[Records from a dataset]
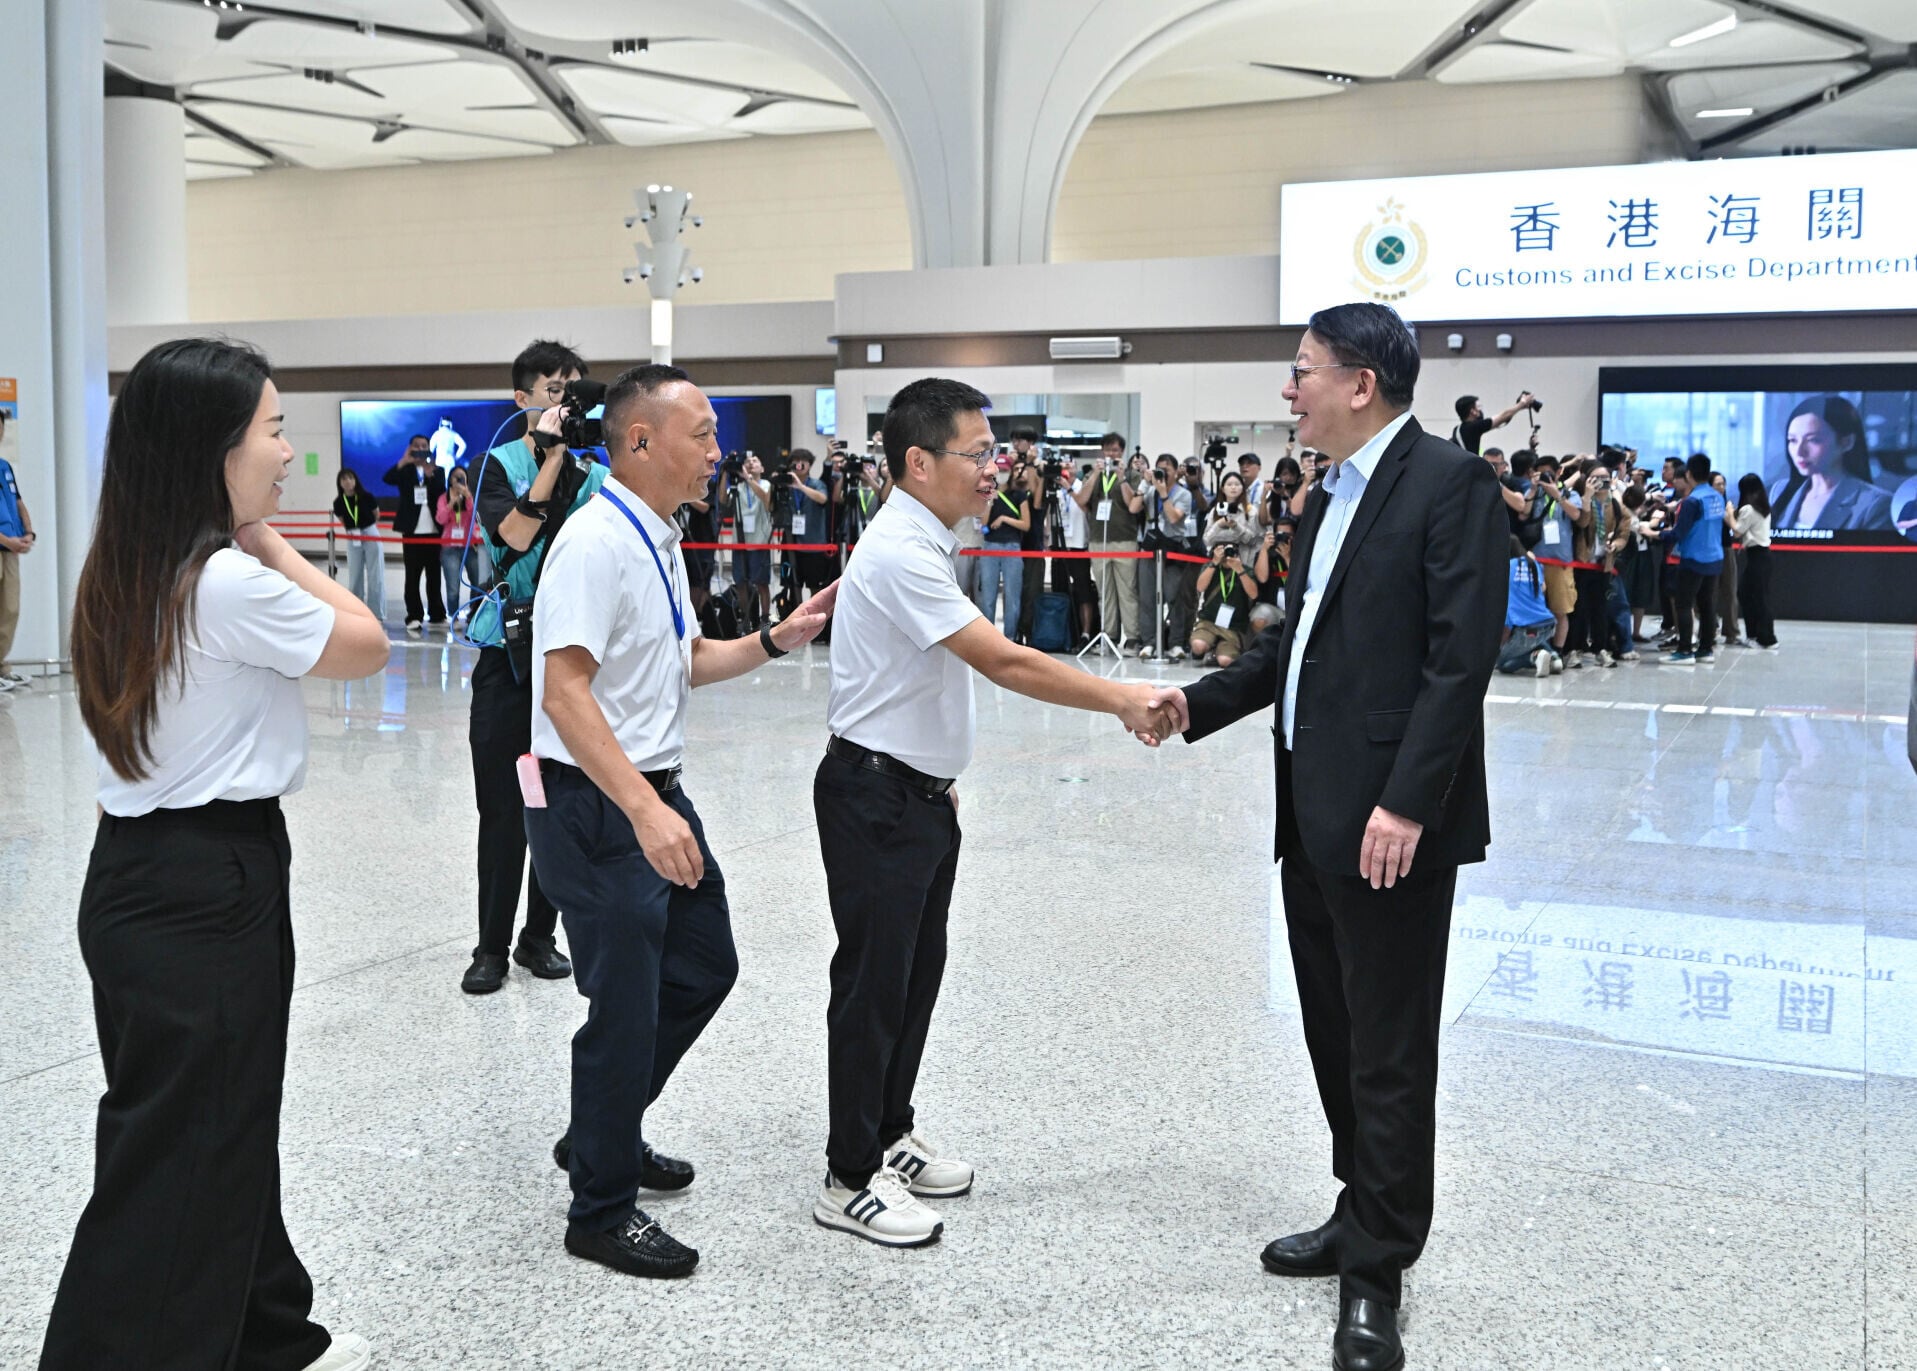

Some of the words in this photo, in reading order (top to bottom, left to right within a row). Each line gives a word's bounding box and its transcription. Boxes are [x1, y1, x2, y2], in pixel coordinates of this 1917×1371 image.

[1509, 187, 1865, 253] 香港海關
[1455, 265, 1573, 288] Customs
[1583, 262, 1633, 284] and
[1644, 258, 1737, 282] Excise
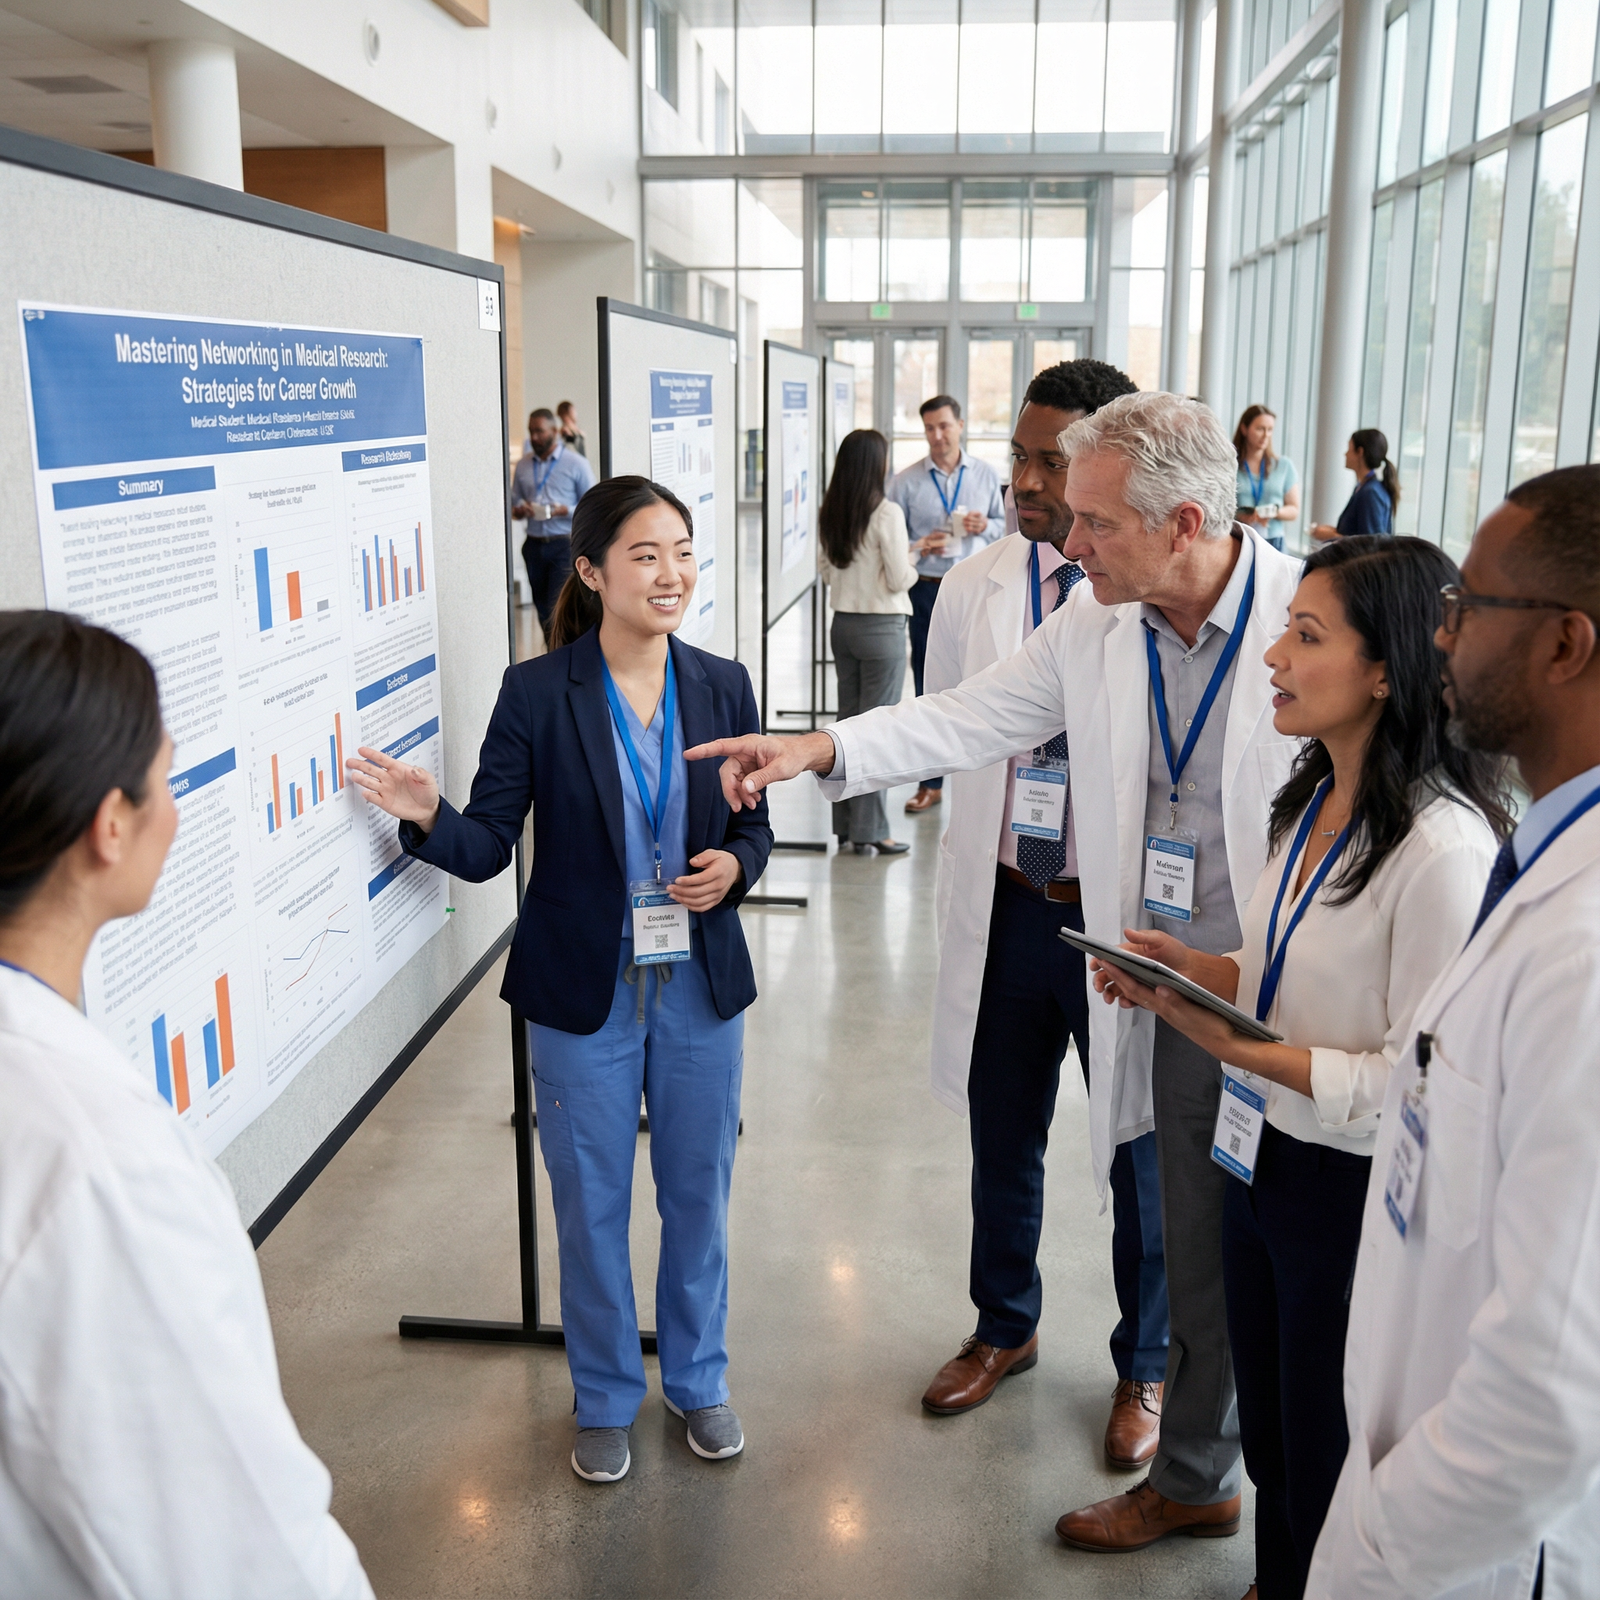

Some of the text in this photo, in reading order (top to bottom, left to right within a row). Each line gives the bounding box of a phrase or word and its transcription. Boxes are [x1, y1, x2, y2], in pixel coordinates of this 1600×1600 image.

[115, 333, 388, 372] Mastering Networking in Medical Research:
[182, 377, 357, 409] Strategies for Career Growth
[118, 479, 164, 496] Summary
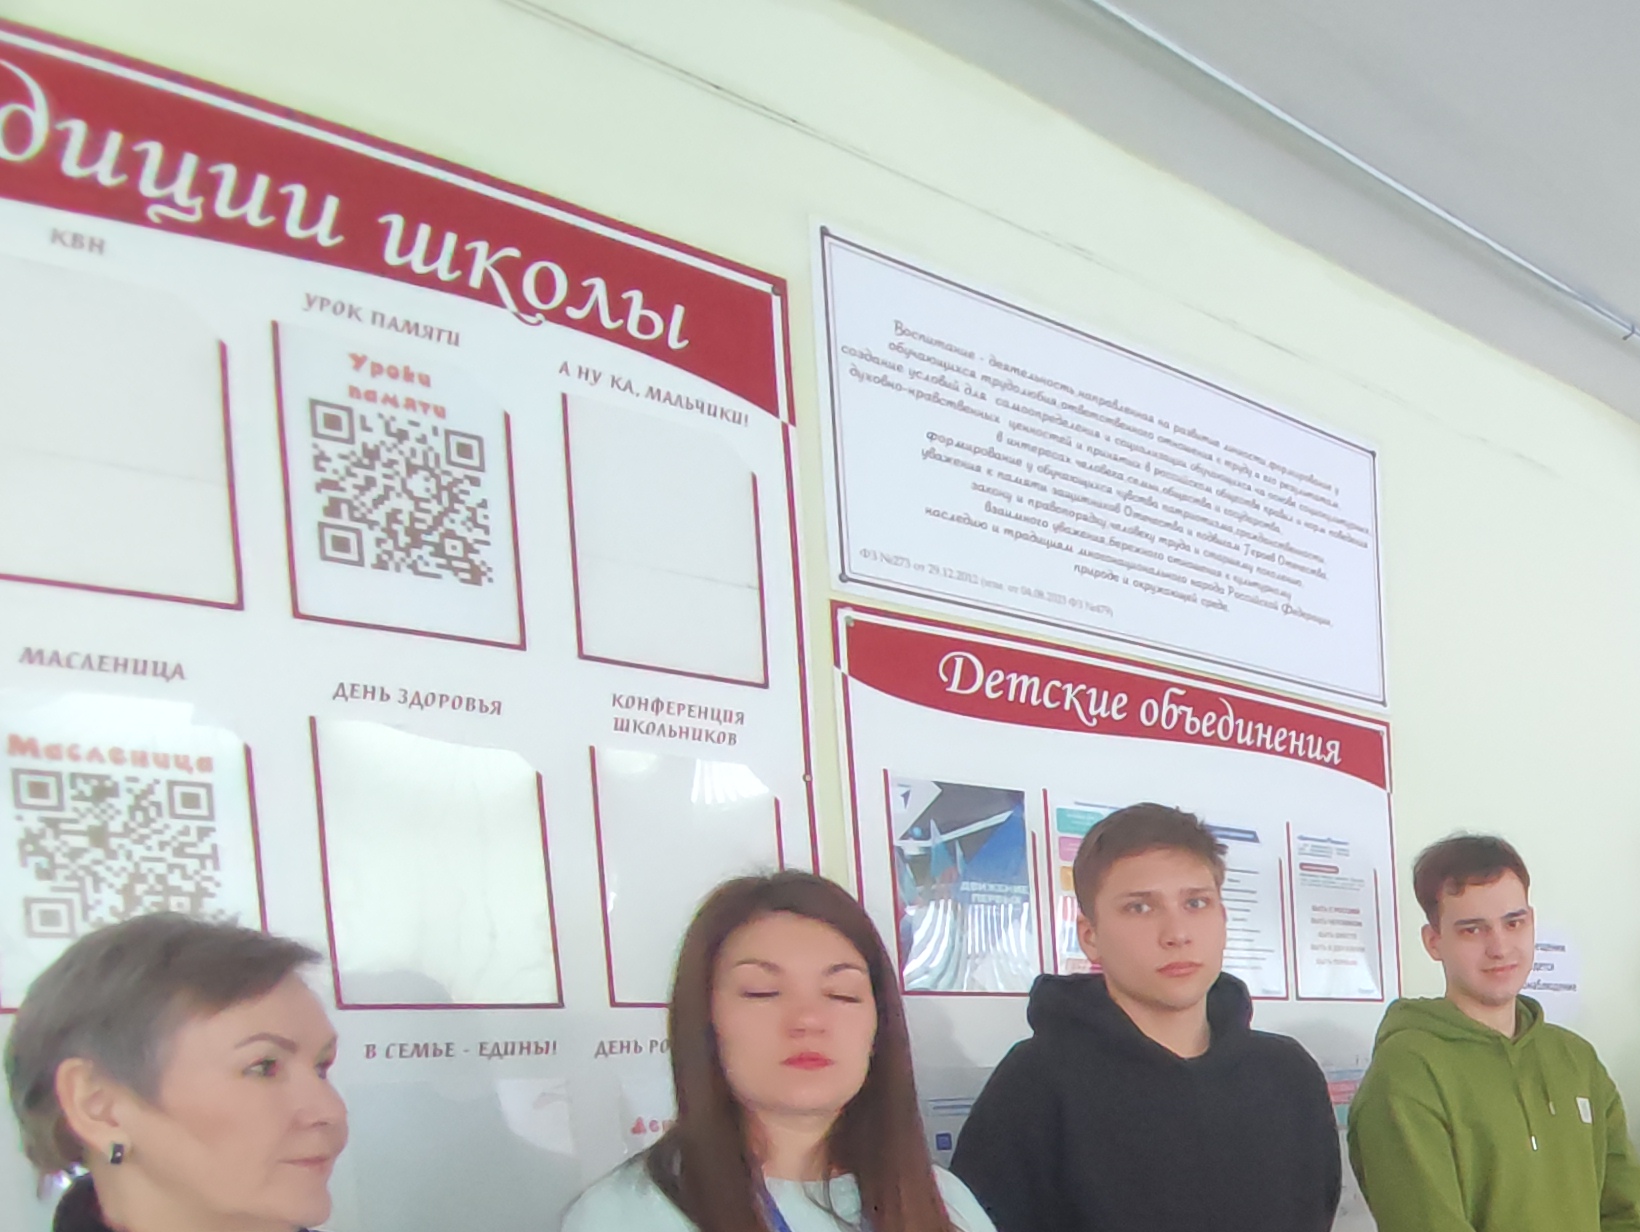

▸ About this task: Repeat the data above word for word, without pictures.

▸ Final answer:
Some of the words in this photo, in reading order (top to bottom, left to right within a row). Each line gives a word's bounding box and its transcription. Boxes are [x1, y1, x2, y2], in pixel coordinates of this 1917×1371 image.

[1509, 187, 1865, 253] 香港海關
[1455, 265, 1573, 288] Customs
[1583, 262, 1633, 284] and
[1644, 258, 1737, 282] Excise

Some of the text in this photo, in reading order (top to bottom, left to right within a row). Each line gives the bounding box of a phrase or word and its transcription. Boxes are [x1, y1, x2, y2], in pixel coordinates of this 1600×1600 image.

[115, 333, 388, 372] Mastering Networking in Medical Research:
[182, 377, 357, 409] Strategies for Career Growth
[118, 479, 164, 496] Summary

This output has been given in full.